• Exercise details: Every line of the records below should be restated exactly.

= = =

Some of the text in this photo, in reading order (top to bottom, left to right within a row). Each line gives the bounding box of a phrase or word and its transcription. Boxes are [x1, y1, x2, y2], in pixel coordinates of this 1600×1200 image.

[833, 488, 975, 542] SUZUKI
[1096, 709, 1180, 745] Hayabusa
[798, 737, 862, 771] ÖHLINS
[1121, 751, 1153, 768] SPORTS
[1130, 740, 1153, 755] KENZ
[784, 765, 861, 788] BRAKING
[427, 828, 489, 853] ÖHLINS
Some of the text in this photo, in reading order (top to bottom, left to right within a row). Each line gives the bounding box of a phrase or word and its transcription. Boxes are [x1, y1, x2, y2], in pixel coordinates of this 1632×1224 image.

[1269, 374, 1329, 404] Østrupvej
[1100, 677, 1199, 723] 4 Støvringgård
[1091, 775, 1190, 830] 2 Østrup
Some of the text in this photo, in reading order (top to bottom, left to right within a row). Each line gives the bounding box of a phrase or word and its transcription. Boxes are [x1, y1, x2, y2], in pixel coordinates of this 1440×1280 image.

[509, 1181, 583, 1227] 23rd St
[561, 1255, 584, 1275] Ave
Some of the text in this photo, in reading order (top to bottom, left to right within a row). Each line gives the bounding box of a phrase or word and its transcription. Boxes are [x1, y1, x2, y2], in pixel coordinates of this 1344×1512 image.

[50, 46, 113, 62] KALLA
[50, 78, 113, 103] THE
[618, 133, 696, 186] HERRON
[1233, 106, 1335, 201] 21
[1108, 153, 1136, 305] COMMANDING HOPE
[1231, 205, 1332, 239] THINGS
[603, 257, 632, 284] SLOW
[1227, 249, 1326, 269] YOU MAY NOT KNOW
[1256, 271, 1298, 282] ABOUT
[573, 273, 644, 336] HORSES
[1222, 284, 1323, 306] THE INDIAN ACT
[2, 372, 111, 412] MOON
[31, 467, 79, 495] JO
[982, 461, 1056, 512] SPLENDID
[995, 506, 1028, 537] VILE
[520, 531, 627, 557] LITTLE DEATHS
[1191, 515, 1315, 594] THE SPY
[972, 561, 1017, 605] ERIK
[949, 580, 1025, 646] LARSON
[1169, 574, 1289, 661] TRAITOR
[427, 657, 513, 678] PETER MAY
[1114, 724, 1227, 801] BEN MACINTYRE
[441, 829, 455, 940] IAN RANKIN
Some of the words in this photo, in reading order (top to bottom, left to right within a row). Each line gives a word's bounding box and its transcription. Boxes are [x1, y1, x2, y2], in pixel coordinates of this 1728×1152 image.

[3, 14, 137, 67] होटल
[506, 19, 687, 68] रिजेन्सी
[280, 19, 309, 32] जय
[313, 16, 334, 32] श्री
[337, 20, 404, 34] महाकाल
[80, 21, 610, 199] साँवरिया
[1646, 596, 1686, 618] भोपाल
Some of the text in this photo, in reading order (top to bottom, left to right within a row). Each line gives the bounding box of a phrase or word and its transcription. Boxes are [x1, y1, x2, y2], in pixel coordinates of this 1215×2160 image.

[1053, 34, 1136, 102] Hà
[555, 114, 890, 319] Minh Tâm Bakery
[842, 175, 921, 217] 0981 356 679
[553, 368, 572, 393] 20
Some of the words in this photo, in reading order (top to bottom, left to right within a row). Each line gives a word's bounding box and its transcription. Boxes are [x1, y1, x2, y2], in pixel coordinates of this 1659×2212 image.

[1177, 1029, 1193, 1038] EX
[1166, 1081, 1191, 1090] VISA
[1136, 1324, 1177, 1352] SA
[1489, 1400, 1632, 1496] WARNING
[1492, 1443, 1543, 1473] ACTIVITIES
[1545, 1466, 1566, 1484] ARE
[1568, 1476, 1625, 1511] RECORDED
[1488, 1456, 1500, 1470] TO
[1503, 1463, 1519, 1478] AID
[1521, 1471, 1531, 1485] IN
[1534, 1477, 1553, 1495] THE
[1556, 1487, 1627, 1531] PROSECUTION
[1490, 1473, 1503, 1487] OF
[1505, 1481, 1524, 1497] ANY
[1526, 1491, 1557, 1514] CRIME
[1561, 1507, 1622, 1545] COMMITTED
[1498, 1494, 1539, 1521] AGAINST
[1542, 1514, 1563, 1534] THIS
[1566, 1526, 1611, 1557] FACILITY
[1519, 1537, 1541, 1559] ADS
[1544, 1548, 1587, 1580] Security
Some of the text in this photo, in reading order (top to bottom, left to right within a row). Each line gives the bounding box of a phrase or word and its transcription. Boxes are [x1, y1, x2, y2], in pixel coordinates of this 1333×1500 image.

= = =

• Written response:
Some of the text in this photo, in reading order (top to bottom, left to right within a row). Each line gives the bounding box of a phrase or word and its transcription. Boxes are [x1, y1, x2, y2], in pixel coordinates of this 1600×1200 image.

[833, 488, 975, 542] SUZUKI
[1096, 709, 1180, 745] Hayabusa
[798, 737, 862, 771] ÖHLINS
[1121, 751, 1153, 768] SPORTS
[1130, 740, 1153, 755] KENZ
[784, 765, 861, 788] BRAKING
[427, 828, 489, 853] ÖHLINS
Some of the text in this photo, in reading order (top to bottom, left to right within a row). Each line gives the bounding box of a phrase or word and its transcription. Boxes are [x1, y1, x2, y2], in pixel coordinates of this 1632×1224 image.

[1269, 374, 1329, 404] Østrupvej
[1100, 677, 1199, 723] 4 Støvringgård
[1091, 775, 1190, 830] 2 Østrup
Some of the text in this photo, in reading order (top to bottom, left to right within a row). Each line gives the bounding box of a phrase or word and its transcription. Boxes are [x1, y1, x2, y2], in pixel coordinates of this 1440×1280 image.

[509, 1181, 583, 1227] 23rd St
[561, 1255, 584, 1275] Ave
Some of the text in this photo, in reading order (top to bottom, left to right within a row). Each line gives the bounding box of a phrase or word and its transcription. Boxes are [x1, y1, x2, y2], in pixel coordinates of this 1344×1512 image.

[50, 46, 113, 62] KALLA
[50, 78, 113, 103] THE
[618, 133, 696, 186] HERRON
[1233, 106, 1335, 201] 21
[1108, 153, 1136, 305] COMMANDING HOPE
[1231, 205, 1332, 239] THINGS
[603, 257, 632, 284] SLOW
[1227, 249, 1326, 269] YOU MAY NOT KNOW
[1256, 271, 1298, 282] ABOUT
[573, 273, 644, 336] HORSES
[1222, 284, 1323, 306] THE INDIAN ACT
[2, 372, 111, 412] MOON
[31, 467, 79, 495] JO
[982, 461, 1056, 512] SPLENDID
[995, 506, 1028, 537] VILE
[520, 531, 627, 557] LITTLE DEATHS
[1191, 515, 1315, 594] THE SPY
[972, 561, 1017, 605] ERIK
[949, 580, 1025, 646] LARSON
[1169, 574, 1289, 661] TRAITOR
[427, 657, 513, 678] PETER MAY
[1114, 724, 1227, 801] BEN MACINTYRE
[441, 829, 455, 940] IAN RANKIN
Some of the words in this photo, in reading order (top to bottom, left to right within a row). Each line gives a word's bounding box and its transcription. Boxes are [x1, y1, x2, y2], in pixel coordinates of this 1728×1152 image.

[3, 14, 137, 67] होटल
[506, 19, 687, 68] रिजेन्सी
[280, 19, 309, 32] जय
[313, 16, 334, 32] श्री
[337, 20, 404, 34] महाकाल
[80, 21, 610, 199] साँवरिया
[1646, 596, 1686, 618] भोपाल
Some of the text in this photo, in reading order (top to bottom, left to right within a row). Each line gives the bounding box of a phrase or word and its transcription. Boxes are [x1, y1, x2, y2], in pixel coordinates of this 1215×2160 image.

[1053, 34, 1136, 102] Hà
[555, 114, 890, 319] Minh Tâm Bakery
[842, 175, 921, 217] 0981 356 679
[553, 368, 572, 393] 20
Some of the words in this photo, in reading order (top to bottom, left to right within a row). Each line gives a word's bounding box and its transcription. Boxes are [x1, y1, x2, y2], in pixel coordinates of this 1659×2212 image.

[1177, 1029, 1193, 1038] EX
[1166, 1081, 1191, 1090] VISA
[1136, 1324, 1177, 1352] SA
[1489, 1400, 1632, 1496] WARNING
[1492, 1443, 1543, 1473] ACTIVITIES
[1545, 1466, 1566, 1484] ARE
[1568, 1476, 1625, 1511] RECORDED
[1488, 1456, 1500, 1470] TO
[1503, 1463, 1519, 1478] AID
[1521, 1471, 1531, 1485] IN
[1534, 1477, 1553, 1495] THE
[1556, 1487, 1627, 1531] PROSECUTION
[1490, 1473, 1503, 1487] OF
[1505, 1481, 1524, 1497] ANY
[1526, 1491, 1557, 1514] CRIME
[1561, 1507, 1622, 1545] COMMITTED
[1498, 1494, 1539, 1521] AGAINST
[1542, 1514, 1563, 1534] THIS
[1566, 1526, 1611, 1557] FACILITY
[1519, 1537, 1541, 1559] ADS
[1544, 1548, 1587, 1580] Security
Some of the text in this photo, in reading order (top to bottom, left to right within a row). Each line gives the bounding box of a phrase or word and its transcription. Boxes are [x1, y1, x2, y2], in pixel coordinates of this 1333×1500 image.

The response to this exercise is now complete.